Sql-server – way to force inheritance of a procedure’s schema to all procedures called within it

schemasql serversql-server-2012stored-procedures

If I have a stored procedure schema1.proc1 and it selects from table1, it correctly selects from schema1.table1. However, when schema1.proc1 executes proc2, it tries to find and execute dbo.proc2.

There is no dbo.proc2 so it returns an error that stored procedure is not found. It never looks for schema1.proc2 even though sys.sysdepends links schema1.proc1 to schema1.proc2. However, there is also a schema2.proc2, but the error returned is just that proc2 is not found or does not exist.

Is there any way other than making that user's default schema = schema1 to have the stored procedure execute the procedure from its own schema (i.e. assume schema1.proc2 should be executed prior to searching for dbo.proc2)?

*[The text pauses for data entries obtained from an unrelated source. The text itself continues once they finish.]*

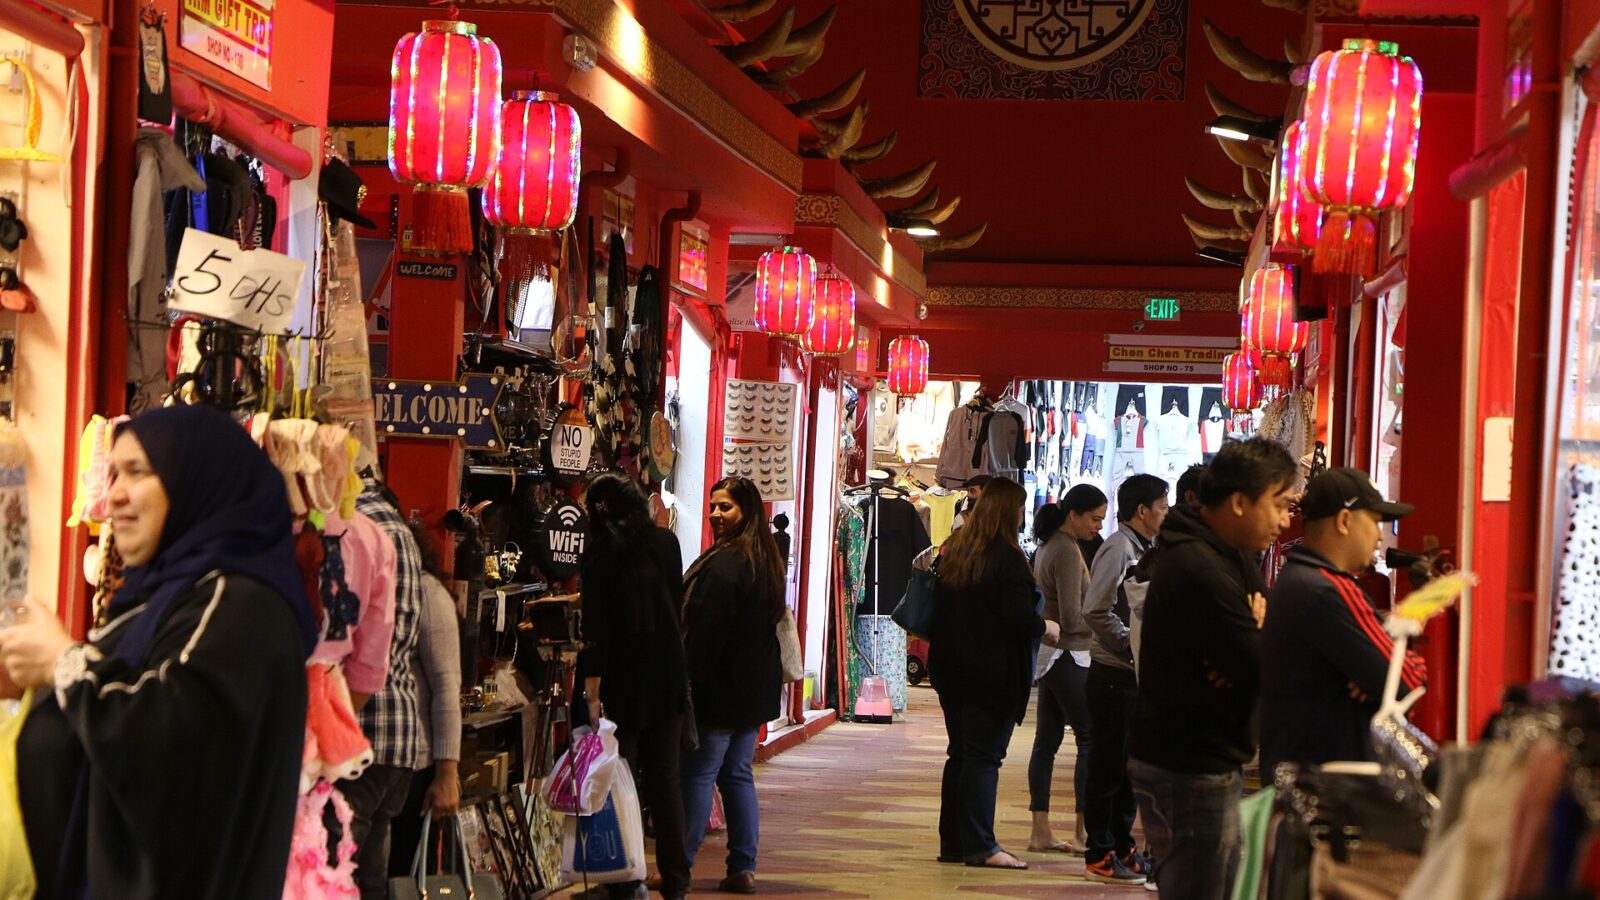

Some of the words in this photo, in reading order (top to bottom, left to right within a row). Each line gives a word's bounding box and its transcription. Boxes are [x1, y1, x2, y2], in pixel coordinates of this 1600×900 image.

[215, 0, 241, 31] GIFT
[207, 35, 221, 57] SHOP
[177, 248, 232, 295] 5
[400, 264, 455, 279] WELCOME
[1150, 299, 1176, 319] EXIT
[1143, 364, 1165, 372] SHOP
[375, 393, 484, 425] ELCOME
[561, 425, 582, 448] NO
[560, 448, 581, 459] STUPID
[560, 458, 581, 469] PEOPLE
[549, 529, 585, 554] WiFi
[552, 551, 578, 565] INSIDE
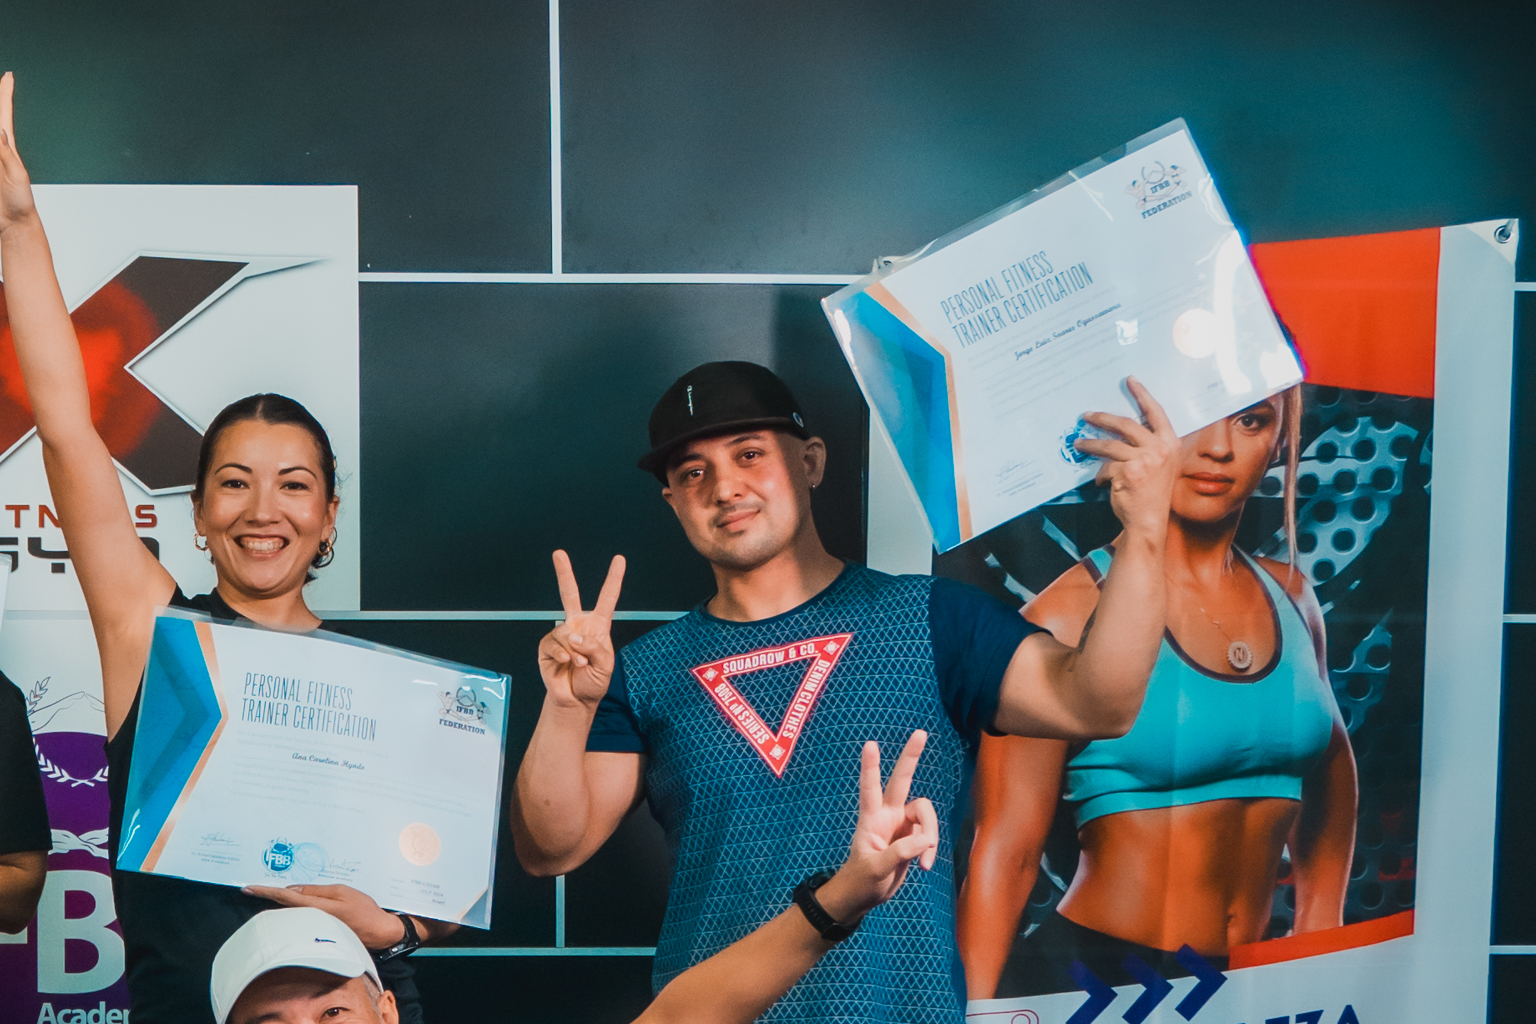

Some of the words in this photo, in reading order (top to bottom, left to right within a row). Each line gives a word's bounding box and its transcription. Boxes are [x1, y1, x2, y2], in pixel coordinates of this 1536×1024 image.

[1141, 190, 1193, 219] FEDERATION
[940, 277, 1005, 324] PERSONAL
[1001, 250, 1053, 294] FITNESS
[952, 306, 1007, 348] TRAINER
[1003, 262, 1093, 323] CERTIFICATION
[723, 651, 784, 674] SQUADROW
[789, 647, 796, 658] &
[800, 643, 818, 656] CO.
[244, 672, 301, 702] PERSONAL
[307, 681, 353, 710] FITNESS
[803, 659, 830, 695] DENIM
[242, 698, 289, 726] TRAINER
[293, 705, 377, 741] CERTIFICATION
[439, 718, 486, 735] FEDERATION
[456, 706, 474, 716] IFBB
[737, 710, 769, 745] SERIES
[783, 691, 812, 739] CLOTHES
[292, 753, 307, 761] Ana
[309, 754, 339, 766] Carolina
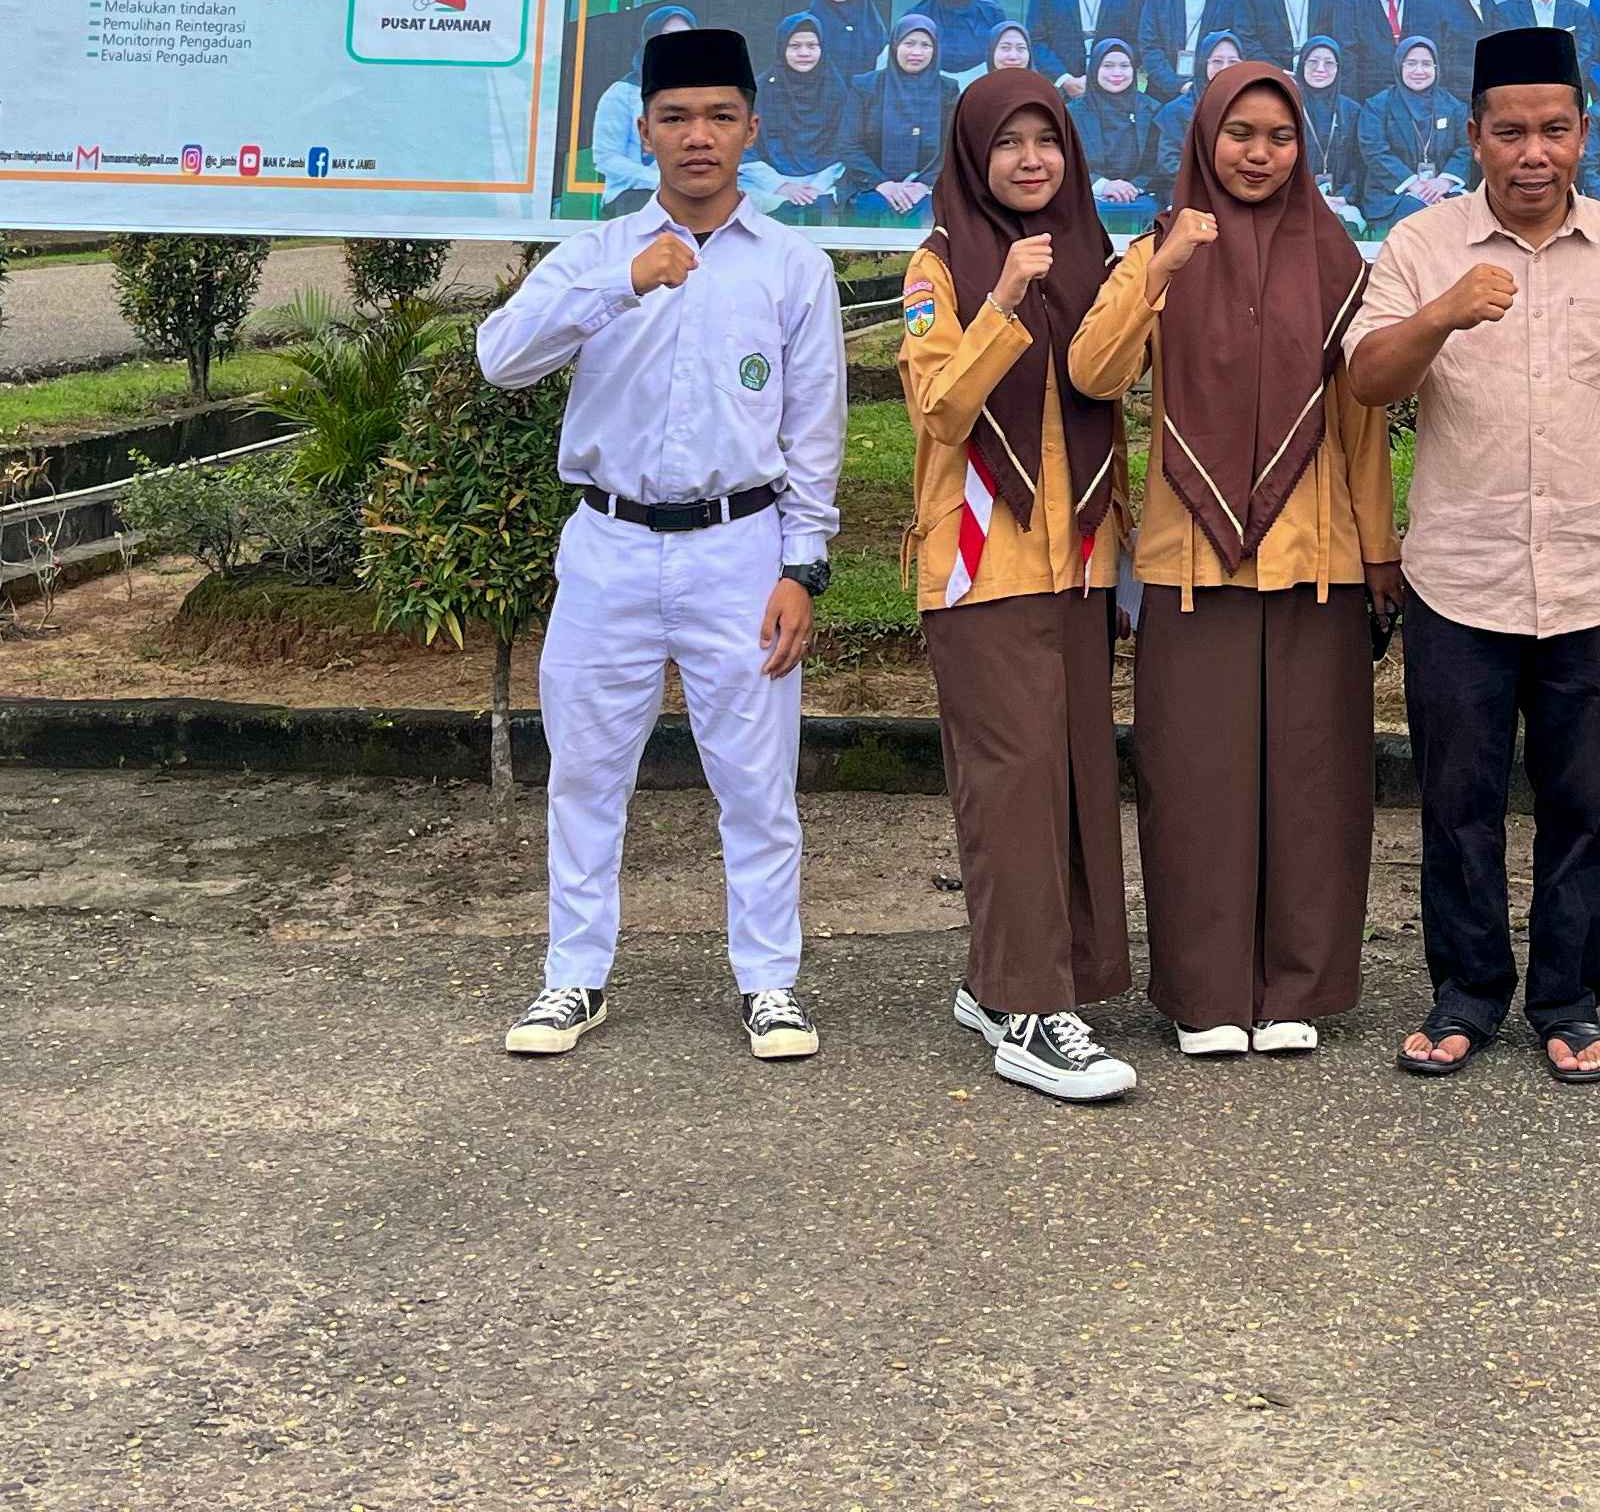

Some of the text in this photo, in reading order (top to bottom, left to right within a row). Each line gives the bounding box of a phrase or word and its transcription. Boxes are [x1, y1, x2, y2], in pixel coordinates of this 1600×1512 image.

[105, 0, 235, 15] Melakukan tindakan
[381, 18, 491, 32] PUSAT LAYANAN
[102, 33, 251, 52] Monitoring Pengaduan
[101, 49, 227, 66] Evaluasi Pengaduan
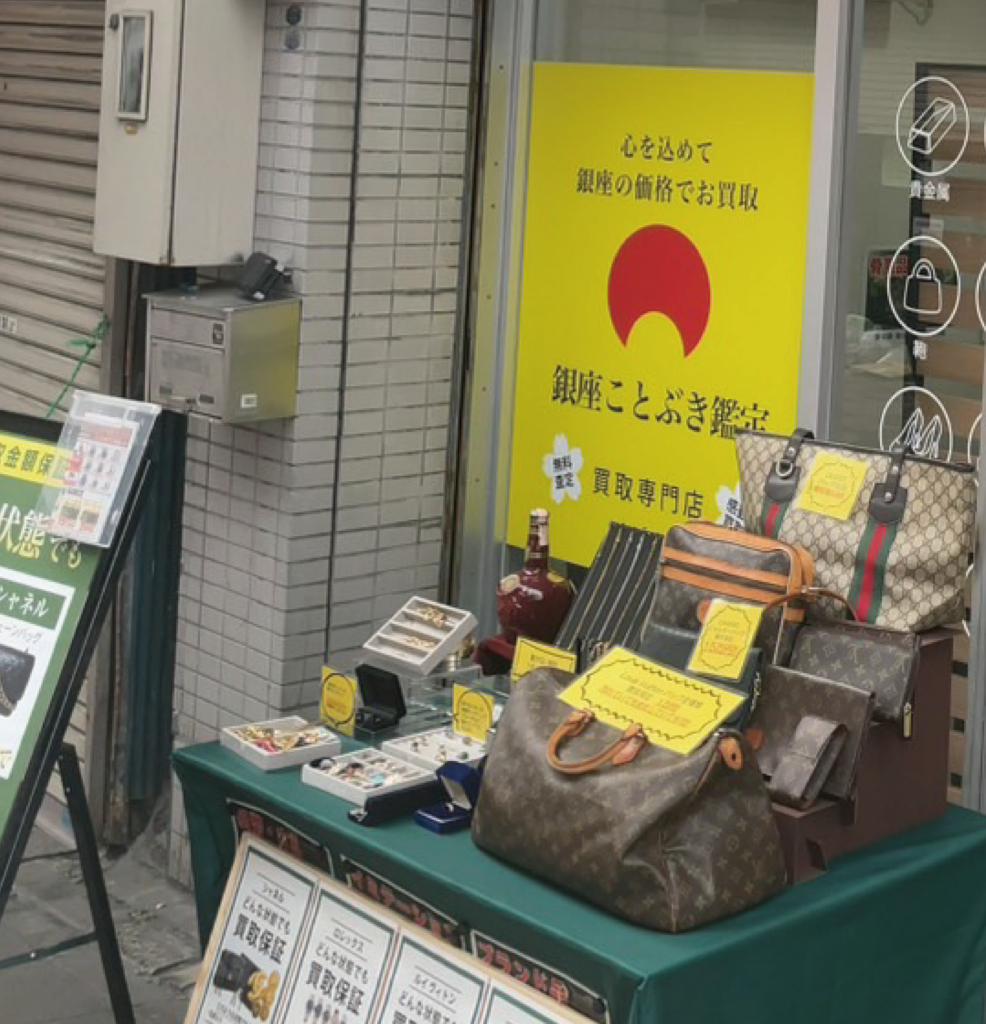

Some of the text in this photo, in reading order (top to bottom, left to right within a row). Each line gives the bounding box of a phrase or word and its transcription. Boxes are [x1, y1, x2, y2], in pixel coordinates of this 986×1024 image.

I know that we could simply preface proc2 with schema1 explicitly, but we are trying to avoid having to find all stored procedure calls within the stored procedures to append the schema prefix of the calling procedure to the procedure being called.

I can see from sys.sysdepends that it correctly links proc1 to the correct database object proc2, that is also associated with schema1, but for some reason it does not seem to look for that proc2, but instead for dbo.proc2.

Please let me know if there is some database level setting that I am just missing to tell the compiler which to check first.

Best Answer

Honestly, the right way to do this is to fix the code. Schema designation should always be explicit. You can use synonyms in the meantime to mask the problem and buy you time:

CREATE SYNONYM dbo.proc2 FOR schema1.proc2;

However that doesn't help if you have two procedures in the database, schema1.proc1 and schema2.proc2, and they both say EXEC proc2, because they're both going to follow the path of the synonym.

The other thing I highly recommend is to not use schemas as a division for storing different objects with the exact same name. I can see the purpose in a development environment, where you want to easily switch schemas to test your code against a QA or test schema, but this should be wholesale, and schema1.Employees and schema2.Employees should not both be valid at the same time - a better way to have this type of independence would be databases rather than schemas (IMHO).

It shouldn't be "quite a chore" to find all the stored procedures that reference other stored procedures without schema references

You can easily find all the objects that are referenced without a schema:

SELECT CallerSchema = caller_sch.name, CallerName = callers.name,
  dep.referenced_entity_name, caller_mod.definition
FROM sys.sql_expression_dependencies AS dep
  INNER JOIN sys.procedures AS callers
  ON callers.[object_id] = dep.[referencing_id]
  INNER JOIN sys.schemas AS caller_sch
  ON callers.schema_id = caller_sch.schema_id
  INNER JOIN sys.sql_modules AS caller_mod
  ON callers.[object_id] = caller_mod.[object_id]
WHERE dep.referenced_schema_name IS NULL;

You can also do this with brute force parsing, though this is a little fuzzier, and assumes your schema names are not common enough to cause false positives (and that the schema isn't referenced anywhere - frankly the above is much more reliable):

SELECT CallerName = callers.name, CallerSchema = caller_sch.name,
    CalleeName = callees.name, CalleeSchema = callee_sch.name, 
    Definition = caller_mod.definition
FROM sys.sql_dependencies AS dep
  INNER JOIN sys.procedures AS callers
  ON callers.[object_id] = dep.[object_id]
  INNER JOIN sys.schemas AS caller_sch
  ON callers.schema_id = caller_sch.schema_id
  INNER JOIN sys.procedures AS callees
  ON callees.[object_id] = dep.referenced_major_id
  INNER JOIN sys.schemas AS callee_sch
  ON callees.schema_id = callee_sch.schema_id
  INNER JOIN sys.sql_modules AS caller_mod
  ON callers.[object_id] = caller_mod.[object_id]
WHERE caller_mod.definition NOT LIKE N'%' + callee_sch.name + N'%';

Also sysdepends (you shouldn't be using this anymore, there are more modern views for this) just reports dependencies. It does not dictate optimizer access path.